12-30, 16:00–18:00 (Europe/Berlin), CDC Pentagon
Complicated configuration and leaky primitive structures are harmful and continue to plague applications that attempt to integrate with anonymous overlay networks. Let's learn how to treat our users better and build applications which will make privacy the default, and not an add-on.
This workshop/talk is geared toward developers from beginner to expert. Some familiarity with abstract types is helpful but not necessary.

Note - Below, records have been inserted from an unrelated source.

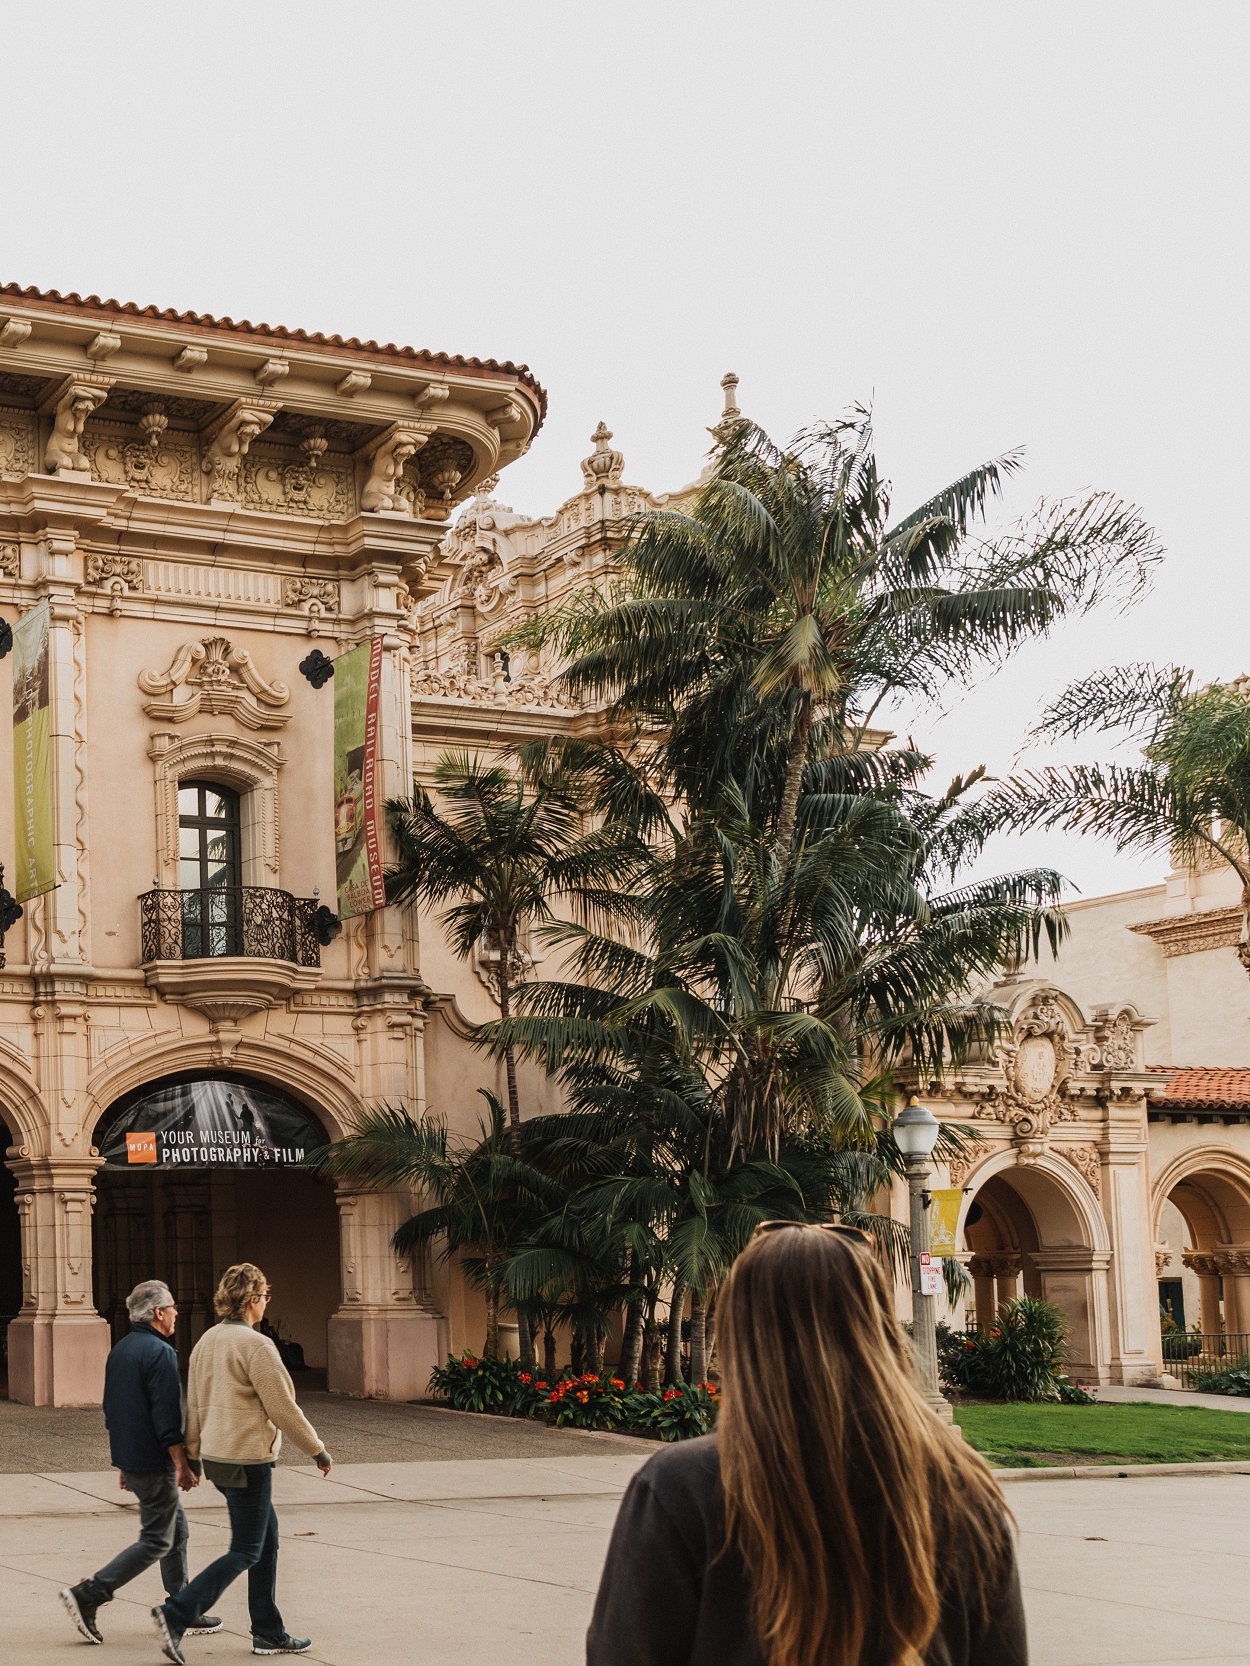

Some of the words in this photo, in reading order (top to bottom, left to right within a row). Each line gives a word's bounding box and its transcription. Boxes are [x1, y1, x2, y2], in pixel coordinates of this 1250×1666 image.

[369, 638, 382, 704] MODEL
[365, 712, 377, 810] RAILROAD
[25, 714, 35, 848] PHOTOGRAPHIC
[366, 820, 384, 905] MUSEUM
[28, 857, 39, 898] ARTS
[345, 884, 359, 893] CASA
[360, 879, 369, 888] DE
[346, 888, 370, 901] BALBOA
[350, 896, 371, 907] LOWER
[160, 1130, 195, 1144] YOUR
[199, 1130, 251, 1144] MUSEUM
[255, 1136, 266, 1144] for
[130, 1143, 154, 1151] MOPA
[162, 1147, 259, 1163] PHOTOGRAPHY
[263, 1150, 270, 1160] &
[274, 1148, 305, 1163] FILM
[921, 1254, 929, 1264] NO
[922, 1266, 941, 1275] STOPPING

Anonymity networks have, in the past, relied on proxy support in applications or various hacks which cause an application to route some or all of it's traffic over an overlay network. These methods are largely crap, they rarely get better and they often get worse. In this workshop we'll start with an overview of why you shouldn't rely on SOCKS proxification to keep your mainstream application anonymous with specific examples of non-uniform SOCKS proxy support in common applications.

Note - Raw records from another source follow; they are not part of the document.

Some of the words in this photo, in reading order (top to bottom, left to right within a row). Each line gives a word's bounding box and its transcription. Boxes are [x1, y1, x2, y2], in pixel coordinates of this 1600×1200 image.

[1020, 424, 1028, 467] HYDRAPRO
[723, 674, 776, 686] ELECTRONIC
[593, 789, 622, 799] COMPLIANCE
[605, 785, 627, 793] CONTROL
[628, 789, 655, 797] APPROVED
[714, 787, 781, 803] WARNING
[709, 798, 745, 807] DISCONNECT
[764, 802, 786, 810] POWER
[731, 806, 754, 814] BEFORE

We'll talk briefly about Tor Browser and Qubes-Whonix, who each have a domain-specific solution to this problem, then we'll discuss how you can make your application integrate with anonymous networks in a way which is safe-by-default.

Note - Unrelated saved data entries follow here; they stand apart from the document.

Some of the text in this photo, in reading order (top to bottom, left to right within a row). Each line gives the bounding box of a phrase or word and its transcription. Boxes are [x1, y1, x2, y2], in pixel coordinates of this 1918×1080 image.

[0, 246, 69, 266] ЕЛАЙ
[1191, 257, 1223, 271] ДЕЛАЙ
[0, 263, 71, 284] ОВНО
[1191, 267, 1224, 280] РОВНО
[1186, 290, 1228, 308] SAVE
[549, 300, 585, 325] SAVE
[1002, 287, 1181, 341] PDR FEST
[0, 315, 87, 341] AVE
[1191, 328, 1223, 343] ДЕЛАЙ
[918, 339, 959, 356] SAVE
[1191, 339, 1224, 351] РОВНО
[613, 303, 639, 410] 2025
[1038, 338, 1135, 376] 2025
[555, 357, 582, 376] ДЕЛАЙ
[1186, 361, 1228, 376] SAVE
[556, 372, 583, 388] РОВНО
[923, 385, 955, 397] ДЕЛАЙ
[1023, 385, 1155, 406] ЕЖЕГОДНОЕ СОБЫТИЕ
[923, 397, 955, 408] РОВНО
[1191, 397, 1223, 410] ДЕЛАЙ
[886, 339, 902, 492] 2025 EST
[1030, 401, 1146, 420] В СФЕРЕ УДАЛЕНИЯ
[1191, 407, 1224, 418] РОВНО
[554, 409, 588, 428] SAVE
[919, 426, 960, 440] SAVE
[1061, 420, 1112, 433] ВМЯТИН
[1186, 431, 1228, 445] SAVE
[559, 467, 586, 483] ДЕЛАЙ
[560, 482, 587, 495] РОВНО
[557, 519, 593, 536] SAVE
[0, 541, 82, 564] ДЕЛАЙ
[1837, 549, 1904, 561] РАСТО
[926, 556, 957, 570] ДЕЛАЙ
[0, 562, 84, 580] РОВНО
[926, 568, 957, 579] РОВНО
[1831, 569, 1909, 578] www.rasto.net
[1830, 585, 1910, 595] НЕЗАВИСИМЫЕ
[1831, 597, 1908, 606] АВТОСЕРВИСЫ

Topics include the Tor Control Protocol, the I2P Control Protocol, the Tor SOCKS extensions and how the Tor SOCKS proxy actually works on an application-to-application basis, and the I2P SAMv3 API. By the end of the workshop you'll be able to build anonymous applications in Go(at least) and probably any language you are familiar with by implementing API's that work directly with the overlay networks in question, instead of relying on standard application proxy settings.